→ Task to carry out: Output all of the data below exactly as given.
■ ■ ■ ■
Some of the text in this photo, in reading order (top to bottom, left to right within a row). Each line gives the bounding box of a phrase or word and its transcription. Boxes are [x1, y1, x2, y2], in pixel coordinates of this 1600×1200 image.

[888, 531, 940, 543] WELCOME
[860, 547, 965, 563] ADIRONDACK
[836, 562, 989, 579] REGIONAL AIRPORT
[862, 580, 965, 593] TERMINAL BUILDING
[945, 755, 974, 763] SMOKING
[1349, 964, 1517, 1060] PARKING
■ ■ ■ ■
→ Output:
Some of the text in this photo, in reading order (top to bottom, left to right within a row). Each line gives the bounding box of a phrase or word and its transcription. Boxes are [x1, y1, x2, y2], in pixel coordinates of this 1600×1200 image.

[888, 531, 940, 543] WELCOME
[860, 547, 965, 563] ADIRONDACK
[836, 562, 989, 579] REGIONAL AIRPORT
[862, 580, 965, 593] TERMINAL BUILDING
[945, 755, 974, 763] SMOKING
[1349, 964, 1517, 1060] PARKING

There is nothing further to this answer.